A ONU, porém, acabara de concordar com um cessar-fogo na guerra então travada entre Israel e seus vizinhos árabes, que tinha uma condição clara: nenhuma nova arma poderia ser importada naquele período.
Quando Begin pediu permissão a Ben Gurion para o Altalena desembarcar em Tel Aviv, ele deparou com a recusa do primeiro-ministro. O navio foi enviado para o porto mais discreto de Kfar Vitkin, mais ao norte, onde atracou em 20 de junho de 1948.
Begin queria que o armamento fosse destinado a unidades da Irgun dentro das IDF, mas Ben Gurion desconfiava da proposta.
Num contexto de tensão entre as duas ex-milícias, armar a Irgun não parecia a melhor ideia, e segundo alguns historiadores Gurion chegou a pensar que Begin estava preparando um golpe.
Em Kfar Vitkin, os imigrantes desembarcaram e os milicianos da Irgun começaram a descarregar suas armas.
O Altalena, no entanto, foi cercado por dois regimentos das IDF e três corvetas da marinha israelense para forçá-los a entregar o material.
A tensão era palpável e iniciou-se uma troca de tiros que terminou com várias mortes de ambos os lados.
Begin então ordenou que o Altalena partisse para Tel Aviv, onde a Irgun tinha mais seguidores.

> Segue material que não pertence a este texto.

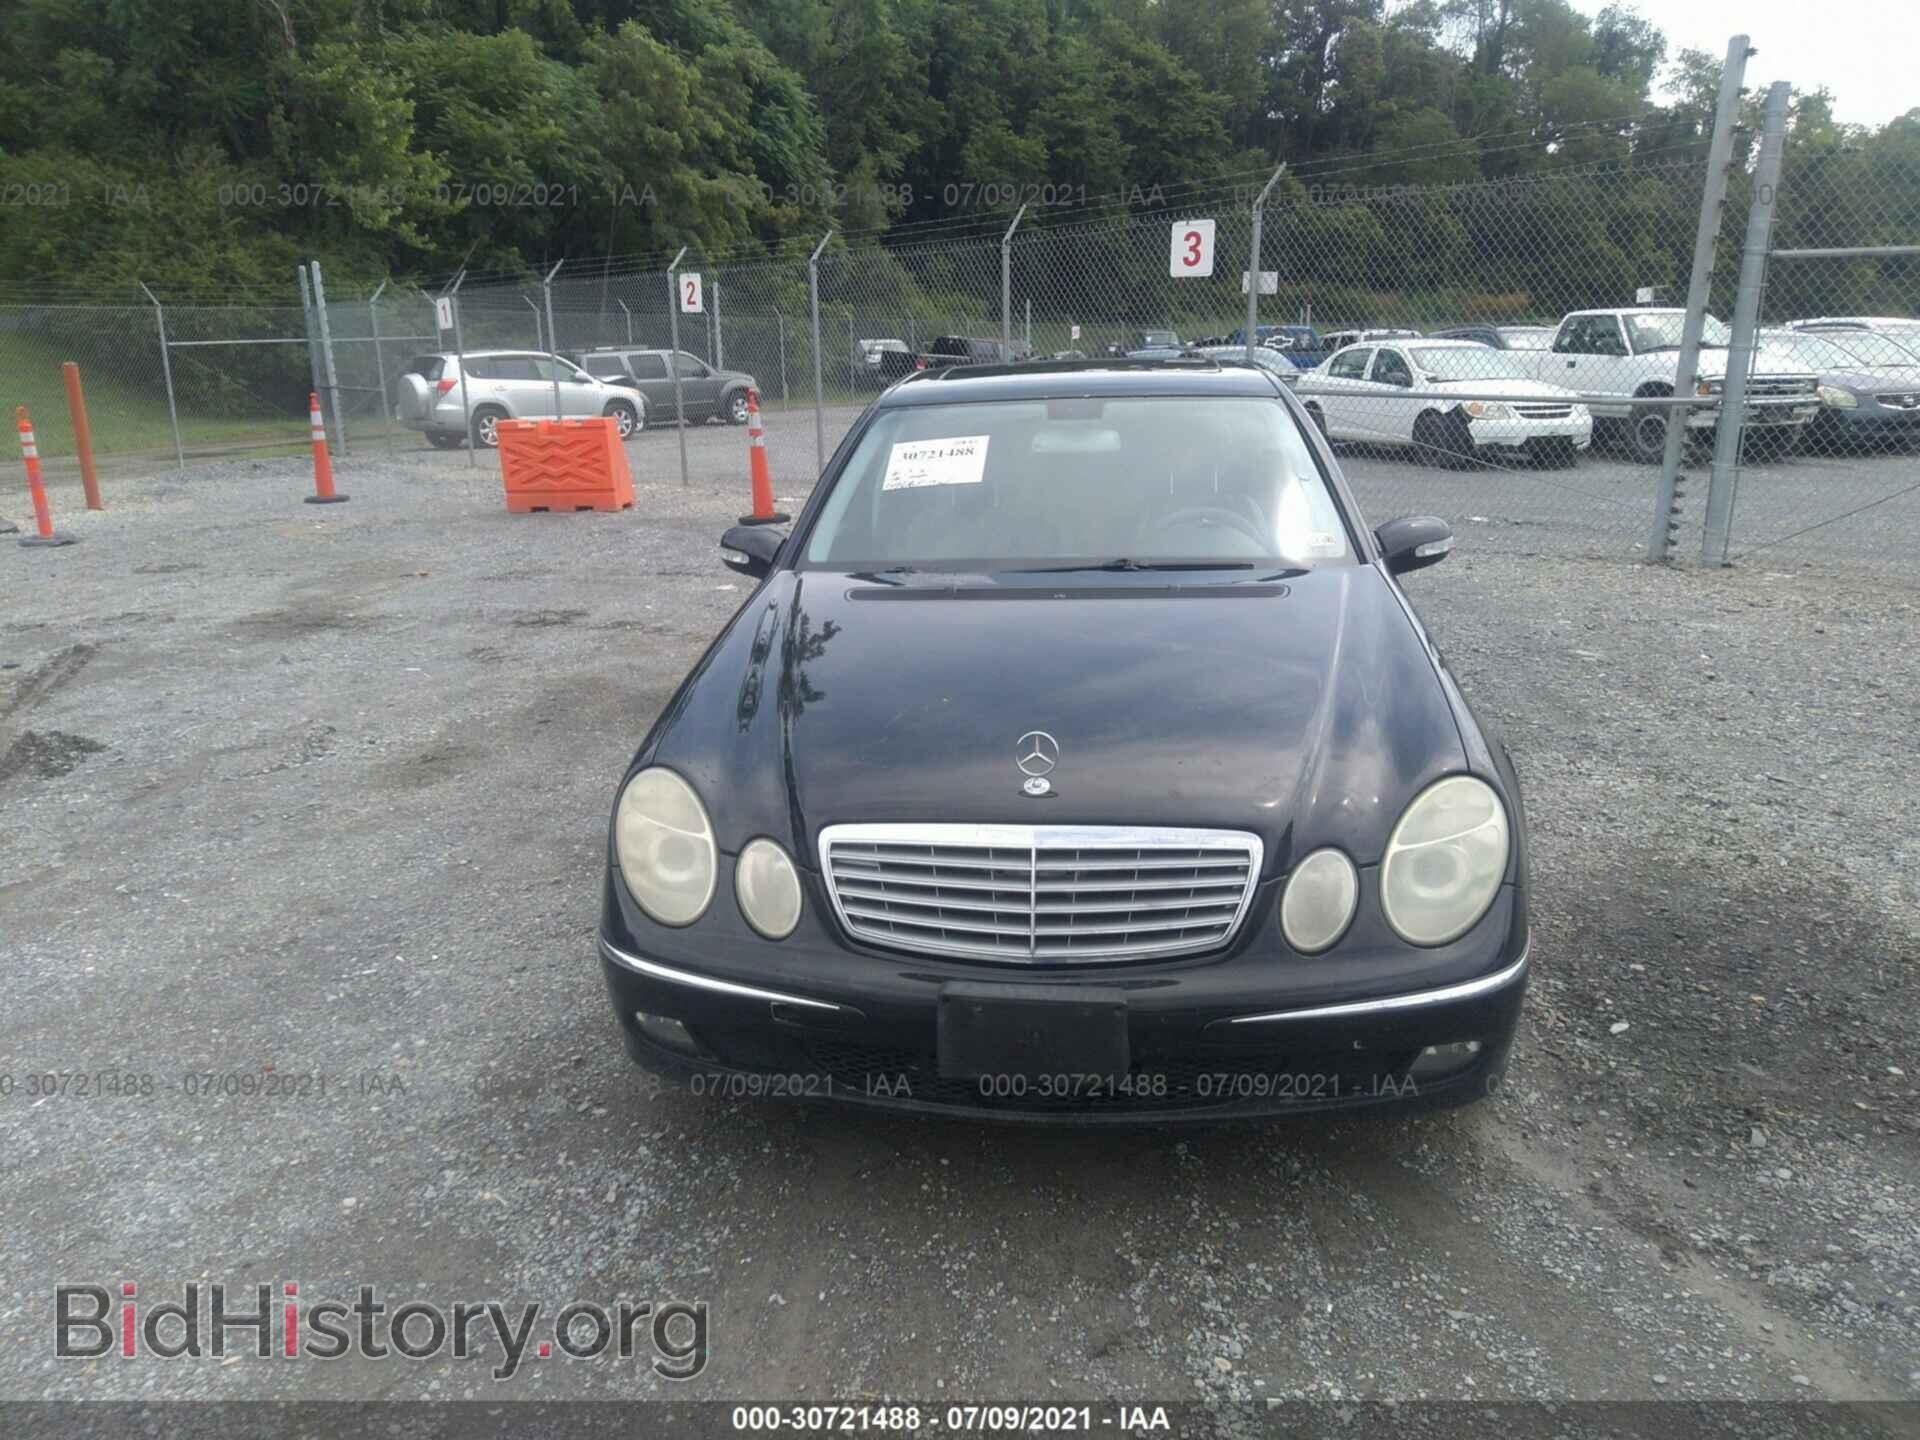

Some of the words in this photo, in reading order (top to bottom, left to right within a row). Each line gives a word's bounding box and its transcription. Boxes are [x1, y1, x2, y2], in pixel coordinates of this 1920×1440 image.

[1183, 231, 1202, 267] 3
[687, 281, 696, 305] 2
[441, 303, 449, 323] 1

O navio foi rotulado pelas IDF como um "inimigo", e a força aérea e a marinha receberam ordens de bombardeá-lo.
No entanto, os pilotos se recusaram e a tripulação das corvetas atirou sem muita convicção.
O navio atracou em frente ao Dan Hotel, na praia de Tel Aviv, diante de uma multidão de israelenses, jornalistas e até observadores da ONU.
A expectativa não fez Ben Gurion se curvar e, às 4 da tarde do dia 22 de junho, ele mandou abrir fogo contra o Altalena.
A nau foi atingida por um dos projéteis e pegou fogo, enquanto membros das IDF e da Irgun se enfrentaram na praia e em algumas partes de Tel Aviv.
Diante da possibilidade de que o incidente levasse a uma guerra civil, Menachem Begin decidiu se render, garantindo que "judeus não matarão outros judeus".
"A coisa mais interessante sobre a Batalha do Altalena não é tanto o que aconteceu, mas o que não aconteceu", diz Derek Penslar.
Havia comandantes da Irgun dispostos a responder ao bombardeio do navio e derrubar o novo governo israelense para instalar um Executivo autoritário, diz o historiador, "mas Begin usou toda a sua autoridade moral para impedi-los, e este pode ter sido o ato mais importante de sua carreira política: evitar a guerra civil".
Desde então, "o Altalena tornou-se um símbolo poderoso de um país que estava à beira da desintegração", diz o historiador.
Embora as divisões que existiam em Israel em 1948 nada tenham a ver com as de hoje, aponta Penslar, ainda há ressentimento por parte de muitos israelenses pelo que consideram um ataque injustificado à Irgun e ao que eles representavam.
Hoje, os herdeiros da Irgun estão no poder, mas muitos israelenses ainda acreditam que são as elites da esquerda mandam no país, argumenta Penslar.
E aquela linguagem da época — na qual a Irgun e o Altalena supostamente simbolizavam o povo e a Haganah, as elites — é ouvida novamente em Israel. "O ressentimento é uma ideologia política muito poderosa", conclui.